Akciğer kanseri, görülme sıklığı ve yol açtığı fiziksel, ruhsal, sosyal ve ekonomik sorunlardan ötürü tüm dünyada ve ülkemizde önemli bir sağlık sorunu olmayı sürdürüyor. Akciğer kanseri ile mücadelenin en önemli aşaması, akciğer kanserinin önlenebilir bir hastalık olduğunun bilinmesi ve hastalıktan korunmak amacı ile gereken önlemlerin alınması. Önemleri ise; sigara başta olmak üzere tüm tütün ürünlerinden uzak durulması, pasif içici olunmaması, radon gazı ve kansere neden olan kimyasallara maruz kalmaktan kaçınılması, sağlıklı beslenilmesi şeklinde özetleyebiliriz.
Akciğer kanserinin en sık görülen belirtileri uzun süre devam eden öksürük, nefes darlığı, kanlı balgam, ses kısıklığı, hırıltılı solunum, yutma güçlüğü, kilo kaybı, iştahsızlık veya halsizlik, tekrarlayan bronşit ve akciğer enfeksiyonları, göğüs, omuz, kol ve sırt ağrısı, yüzde ve boyunda şişlik. Prof. Dr. Sedat Ziyade akciğer kanseri tanısı alan her 5 hastadan ancak birinin ameliyat şansının olduğunu söylüyor. Zira bu hastalık genellikle ileri evrede teşhis edilebiliyor. Bu yüzden check-up programları hastalığın erken teşhisi ve ameliyat şansının kaçırılmaması açısından büyük önem taşıyor.

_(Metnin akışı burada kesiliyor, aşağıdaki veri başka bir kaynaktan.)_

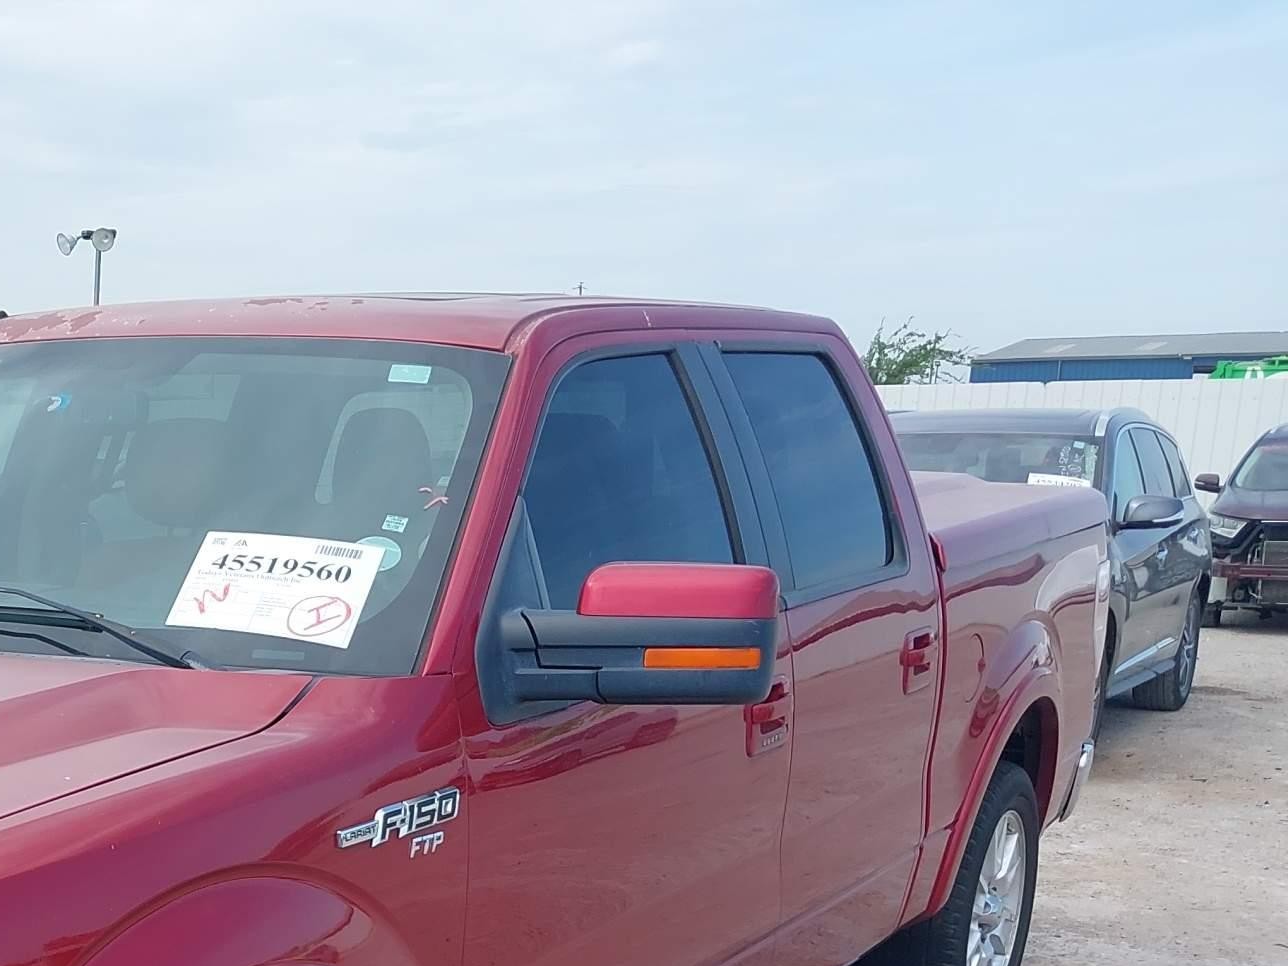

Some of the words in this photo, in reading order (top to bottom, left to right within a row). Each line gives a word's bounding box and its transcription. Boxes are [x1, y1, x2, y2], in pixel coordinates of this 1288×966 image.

Akciğer kanserinden korunmak için sigara ve diğer tütün ürünlerine hiç başlanmaması, başlandıysa da bırakılması gerekiyor. Yaşa veya ne kadar süre kullanıldığına bakılmaksızın sigara başta olmak üzere tüm tütün ürünlerini kullanmayı bırakmak, bu ürünlerin neden olduğu birçok hastalıkta olduğu gibi akciğer kanseri riskini de düşürüyor ve sağlıklı bir şekilde daha uzun yaşamaya yardımcı oluyor. Lütfen bunu unutmayalım!
Engellerimizi hissettirmeyecek engelsiz bir yaşam dileği ile…
Not: Bu yazının hazırlanmasında Lokman Hekim Ankara Hastanesi, Dijital Akademi Türkiye Klinikleri, T.C. Sağlık Bakanlığı Bingöl İl Sağlık Müdürlüğü web sitelerinden yararlanılmıştır.